Dive Brief:
- Moderna’s CFO Jorge Gomez stepped down from the role Tuesday, as his former employer, Dentsply Sirona, publicly disclosed an ongoing internal investigation into certain matters, including financial reporting, according to an SEC filing by Moderna.
- The vaccine maker said in a statement today that “the recently appointed Chief Financial Officer, Jorge Gomez, has departed the company” and that the recently retired CFO, David Meline, will “continue in his role of Chief Financial Officer (CFO) as of May 11 while Moderna reopens its search for a new CFO.”
- Gomez’s abrupt departure comes one day after he joined the Cambridge, Mass.-based Moderna as its finance chief, according to a Moderna spokersperson. Moderna was made aware of the internal investigation yesterday through Dentsply's public filing, she said.
Dive Insight:
Gomez’s former employer Dentsply, a manufacturer of dental products and technologies, detailed the internal investigation in an SEC filing yesterday, explaining how it prevented the company from filing its quarterly 10-Q report for the period ended March 31 on a “timely basis.”
In March the audit and finance committee of Dentsply’s board of directors began an internal investigation into allegations of certain financial reporting matters submitted by current and former employees, according to the filing.
Dentsply's probe is focused on the company’s use of incentives to sell products to distributors in the third and fourth quarters of 2021 and whether those incentives were appropriately accounted for, as well as whether the impact of the sales were adequately disclosed in the company’s SEC reports. The committee is also looking into allegations that certain former and current members of senior management directed the company’s use of the incentives and other actions to achieve executive compensation targets last year.
The committee has retained independent outside counsel which has hired a forensic accounting firm to assist in the investigation, the filing states. Dentsply has also contacted the SEC to make them aware of the probe.
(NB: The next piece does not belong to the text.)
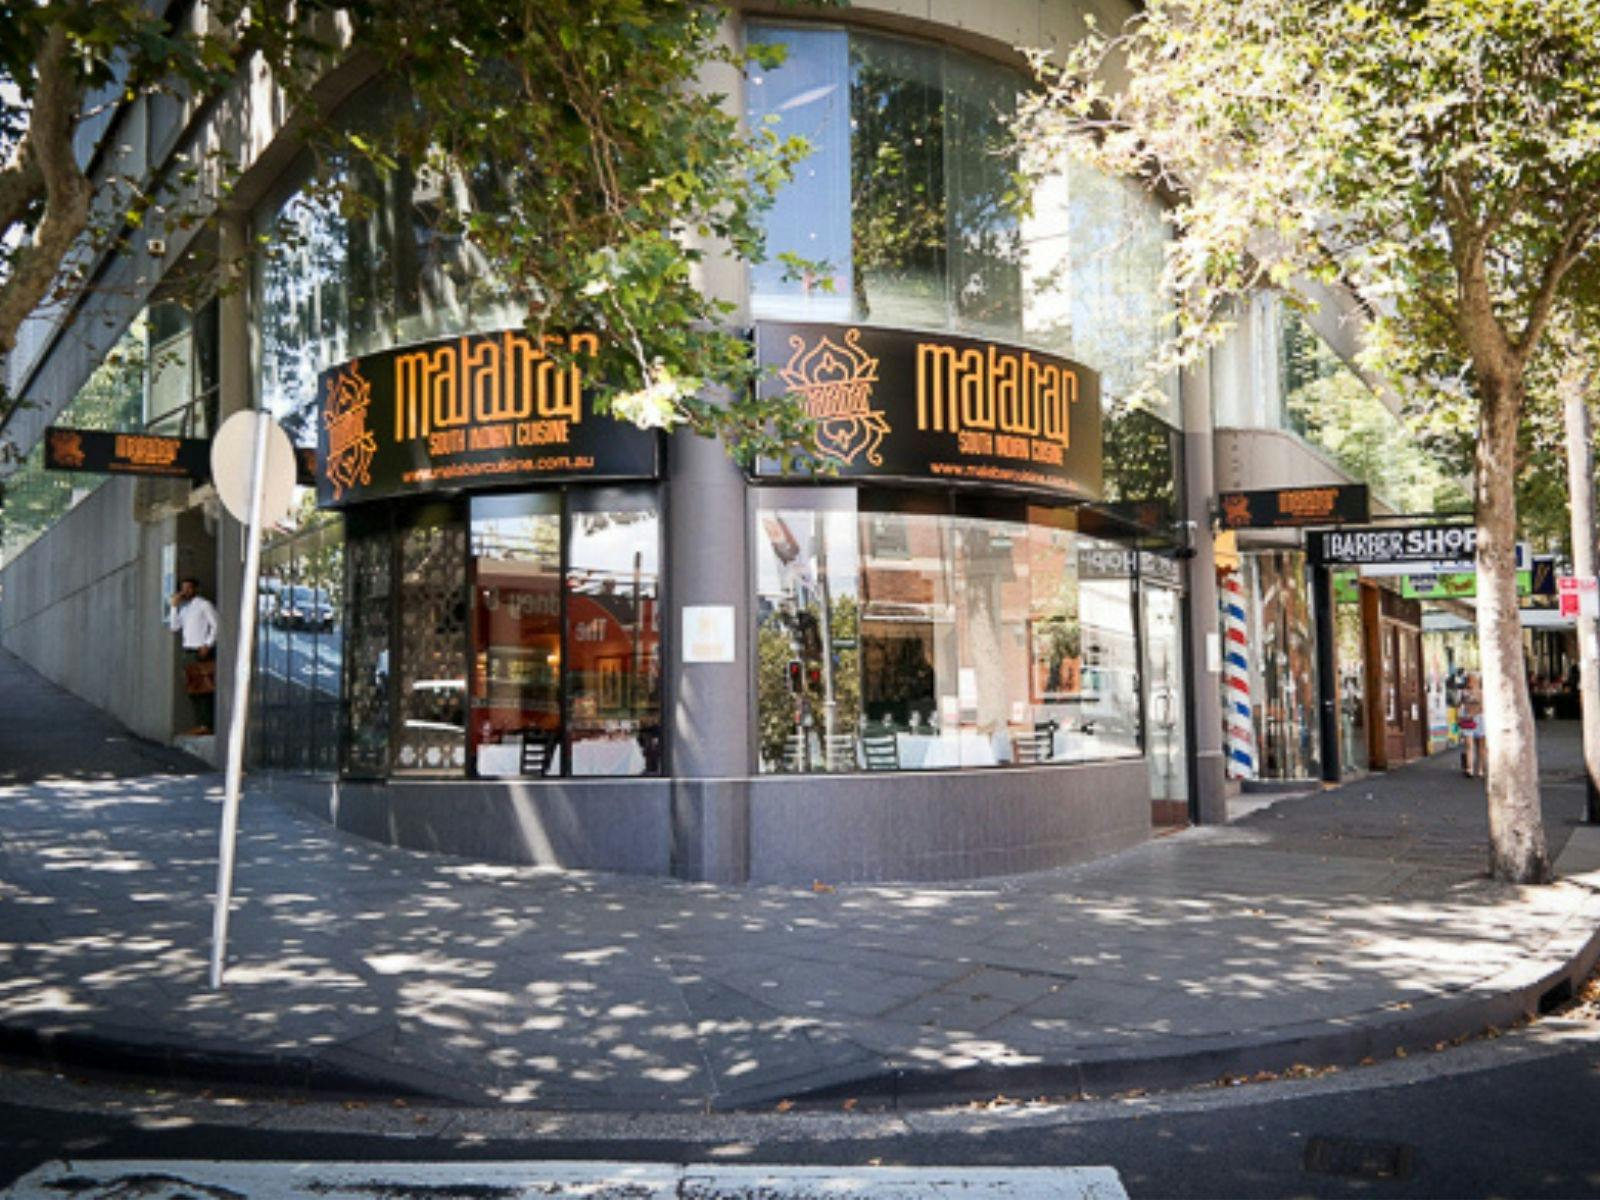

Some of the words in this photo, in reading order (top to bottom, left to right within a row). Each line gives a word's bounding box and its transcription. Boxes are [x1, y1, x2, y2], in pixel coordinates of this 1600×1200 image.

[917, 343, 1079, 449] malabar
[516, 420, 570, 446] CUISINE
[1407, 527, 1478, 554] SHOP
In departing after just one day on the job, Gomez will be provided certain benefits based on the company’s executive severance plan consisting of 12 months’ salary of $700,000 and COBRA coverage for 12 months. He will forfeit his signing bonus, eligibility for relocation reimbursements, bonus eligibility and eligibility for new hire equity awards, according to Moderna's SEC filing.
Gomez's appointment was notable news last month as the rapid development and success of its coronavirus vaccine has made Moderna a household name over the past two years, as BioPharma Dive noted. It also drew outsized social media attention, perhaps in part because the announcement of Gomez's appointment came on the same day — April 11 — that another big COVID-19 vaccine maker, Pfizer, also announced it was appointing a new CFO.
Speculation swirled on Twitter that the outgoing finance chiefs’ departures were somehow related to vaccine safety. A spokesperson for Moderna said today that the CFO change had "nothing to do with vaccine safety."
An April 29 “Fact Check” analysis by Newsweek reported the claim was false, stating that although the new CFO appointments happened in a short space of time, neither outgoing CFO resigned nor did they announce their retirements “in tandem” within 72 hours of each other.
“Despite this information being a matter of public knowledge, conspiracy theorists were not deterred from reanimating mistruths about COVID-19 safety,” the Newsweek analysis states. “There is no evidence connecting their retirement to the safety profile of either Pfizer or Moderna's COVID-19 vaccines, which is also not currently in question.”